Sunday, January 10, 2010

Belajar Bercerita tentang Tokoh Fiktif Belaka yang di antaranya Bernama Kasdi

Cerpen F. Moses

PEMBACA terkasih, semoga kau tak kecewa kepadaku. Apalagi berniat menghukumku lantaran aku tak becus bercerita. Beginilah ceritanya.

Dari desa yang selalu cerah bersama latar perbukitan bak bukit barisan yang mengelilingi daratan dan kesegaran udara paginya yang konon selalu ditunggu-tunggu karena begitu melengkapi kecerahan dari desa yang memang selalu cerah ini, membuat seluruh warga tak pernah memalaskan diri untuk segera menyambut pagi. Mulai anak-anak hingga para orang tua, ingin menghirup udara segar kemudian menikmati pesonanya. Namun apa daya, sontak bisa saja berubah seperti mendung tengah menggantung hebat.

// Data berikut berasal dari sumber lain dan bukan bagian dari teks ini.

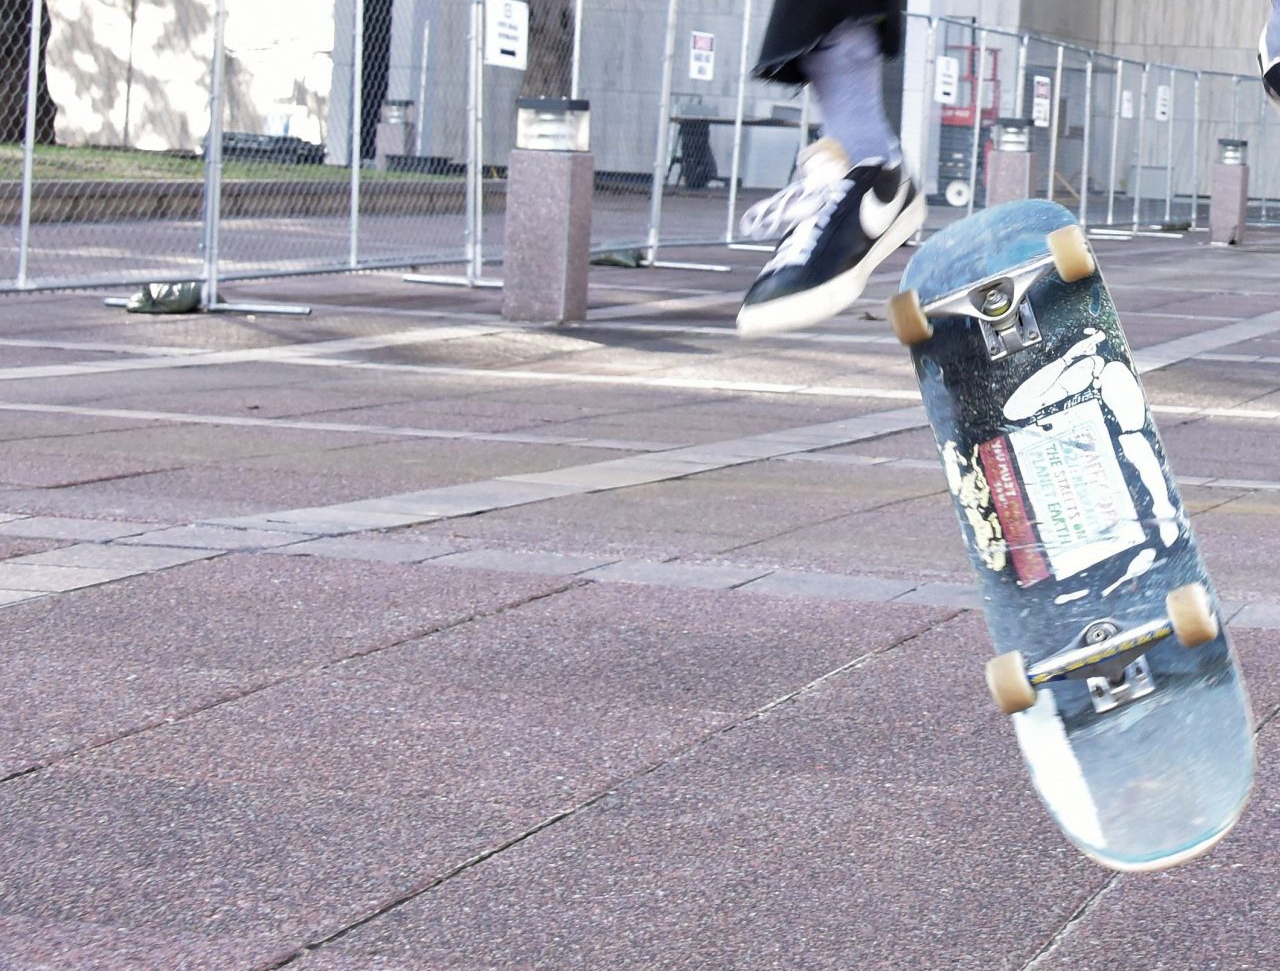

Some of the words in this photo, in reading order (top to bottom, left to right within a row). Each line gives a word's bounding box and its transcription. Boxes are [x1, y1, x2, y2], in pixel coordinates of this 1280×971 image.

[1030, 449, 1056, 501] PLANET
[1047, 501, 1071, 545] EARTH
[1044, 442, 1061, 467] THE
[1054, 468, 1079, 520] STREETS

Pagi ini, seluruh warga desa menunggu kedatangan Kasdi. Terlebih kekasihnya, Lasmi. Ia tahu benar bahwa Kasdi pasti pulang.

"Kasdi oh Kasdi sayang, aku selalu setia menunggumu di sini," katanya pelan penuh kesabaran. Penuh keyakinan. Optimistis. Sedikit pun jauh dari utopis.

"Untuk kau ketahui, seluruhnya sudah dipersiapkan, Lasmi," kata Ponimin, bapaknya, tiba-tiba saja.

Ponimin memang berharap anak gadis satu-satunya itu dijodohkan dengan Kasdi sejak mereka di bangku SMP. Maklum, Ponimin tahu benar sebab Kasdi--kalau boleh dibilang--seorang remaja paling cakap nan gagah di desa ini. Gagah nan tampan, paling percaya diri yang acap bikin mabuk kepayang para bapak di desa ini untuk menjodohkan tiap anak gadisnya.

Tentang mabuk kepayang, memang sudah bukan milik para ibu lagi, melainkan para bapak. Kini semuanya tercapai dari bukan hasil paksaan. Karena sejak dulu mereka memang sudah saling mencintai.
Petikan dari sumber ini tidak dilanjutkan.